The spread of Copernicanism is a story as interesting as it is badly documented, in Bologna as in the rest of Europe. Copernicus’s book is an extremely technical text that could only be used by specialists - though without necessarily agreeing with the basic idea, so that the use of Copernican calculation techniques or their teaching did not necessarily imply heliocentric convictions.
The whole question however went beyond just professional astronomical circles and Copernicus’s ideas were supported or opposed by scholars with a variety of interests. Giordano Bruno (1548-1600) is a case in point. There was, moreover, no shortage of serious objections to the Copernican system, even from a modern point of view, which were only overcome when Aristotelian physics was replaced by Galilean.
Returning to Copernicus’s stay in Bologna, the astronomer lived as a paying guest in the house of Novara - located probably in via San Giuseppe, halfway down via Galliera - rising rapidly from a position as student to one of assistant and "helper" in the observations. Besides the observation techniques Novara was especially expert in, Copernicus almost certainly absorbed some of his teacher-friend’s ideas which led him to question authority, even that of the great Ptolemy. The Alexandrian astronomer was heavily criticized by Novara over a presumed shift in the axis of terrestial rotation which Novara himself had put forward to explain the differences in latitude of certain mediterranean cities measured at the time, compared to those reported by Ptolemy.
This attack of Novara on the absolute immobility of the Earth must have left a mark on Copernicus, spurring him on to study in more detail the Ptolemaic doctrines and the scientific studies of the ancient greeks, a large part of which had not yet been translated; he thus devoted himself to the study of the classics under the guidance of the local greek teacher, Antonio Urceo Codro (1446-1500), on whose account he translated some letters, later published in Cracow. It may well be that during these greek studies Copernicus translated the Arenarius of Archimedes , a work in which the idea of a heliocentric system of the world put forward by Aristarchus of Samos in the third century BC, is described.

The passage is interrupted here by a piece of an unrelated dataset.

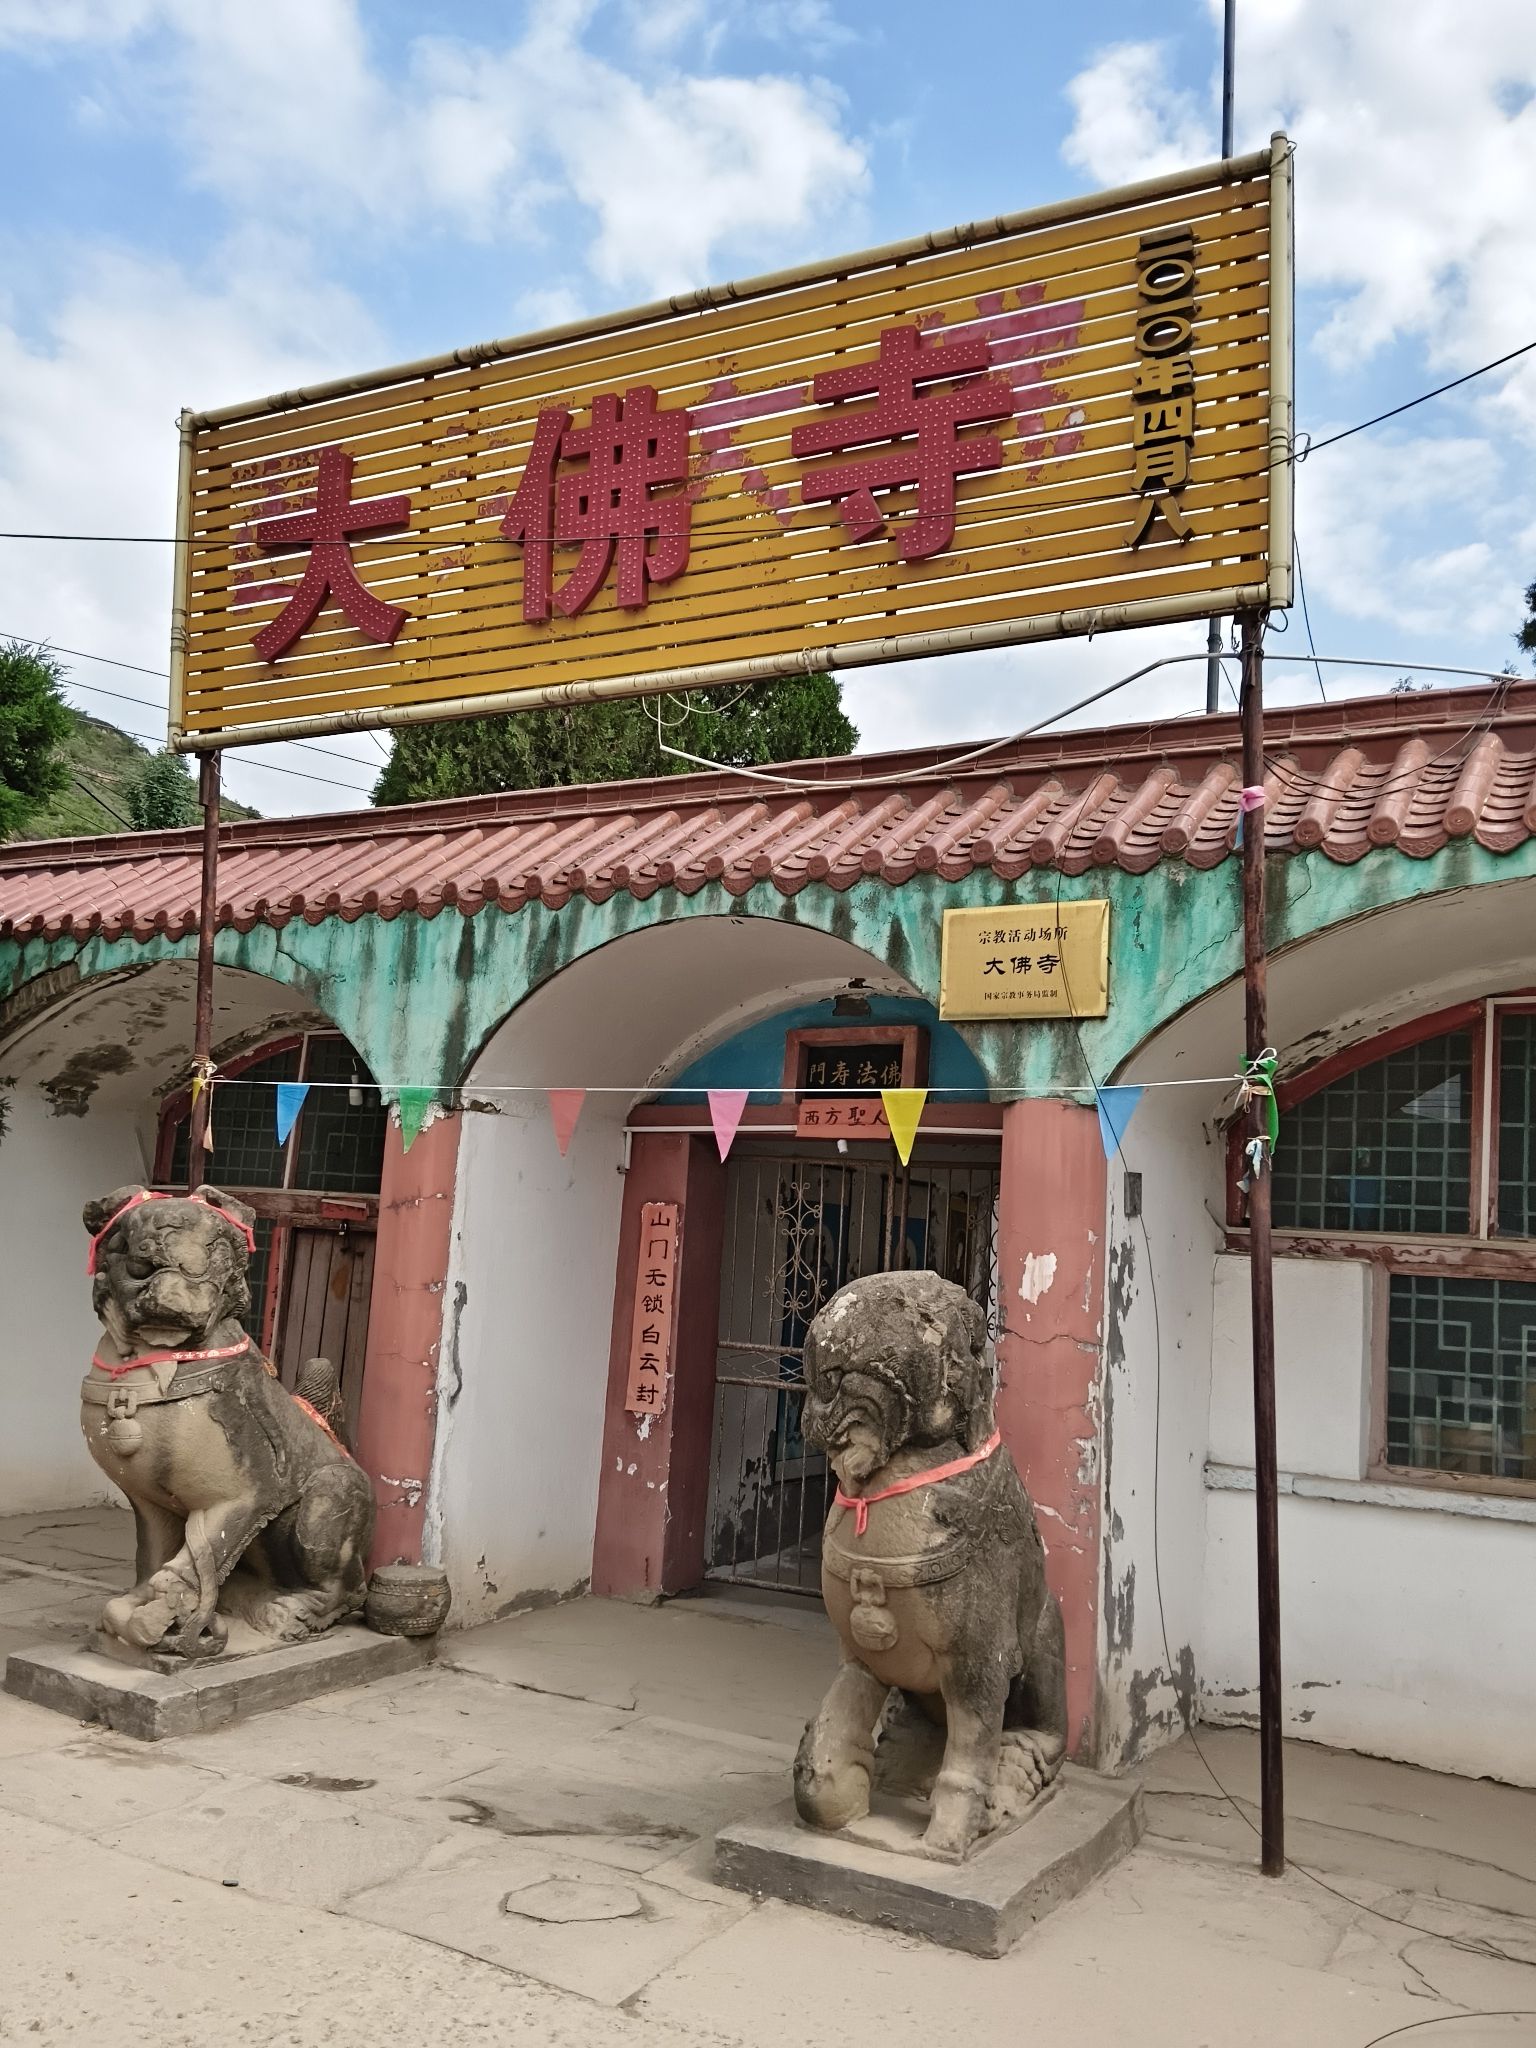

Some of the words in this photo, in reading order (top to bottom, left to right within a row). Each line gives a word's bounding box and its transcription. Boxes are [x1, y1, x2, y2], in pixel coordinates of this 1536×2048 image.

In the meantime he carried on his astronomical studies with Novara whose fame as a good observer (47) is substantiated by Copernicus himself when, speaking in De revolutionibus orbium coelestium about the problem of the lunar parallax, he records the observations made in Bologna with Novara of a lunar occultation of Aldebaran on March 9, 1497 and of a conjunction of Saturn with the Moon on March 4, 1500 (48).
The problem of the lunar parallax can be seen as being of fundamental importance in Copernicus’s rewriting of the ancients’ astronomy.
It is well known that the artifices used by Ptolemy to describe the irregularities of the movement of the Moon implied a huge variation in its distance from the Earth. At the quadratures (i.e. during the quarters of the Moon) this distance ought in fact to have been half that when the Moon was new or full. This fact would have implied a corresponding variation in the apparent diameter of the Earth’s satellite, something which does not occur, as was well known to antiquity and which had been underlined by Regiomontanus (Johann Müller, 1436-1475) in a paper of his that came out in 1496 (49). It cannot be excluded then that both Copernicus and Novara were looking for pointers to resolve the problem, trying to obtain a direct measurement of the lunar parallax.
Evidence of Novara’s interest in the problem of lunar motion can be gleaned from his epigraph, which said of him "he who investigated the moving Moon and the motion of Febo [Sun]." (50)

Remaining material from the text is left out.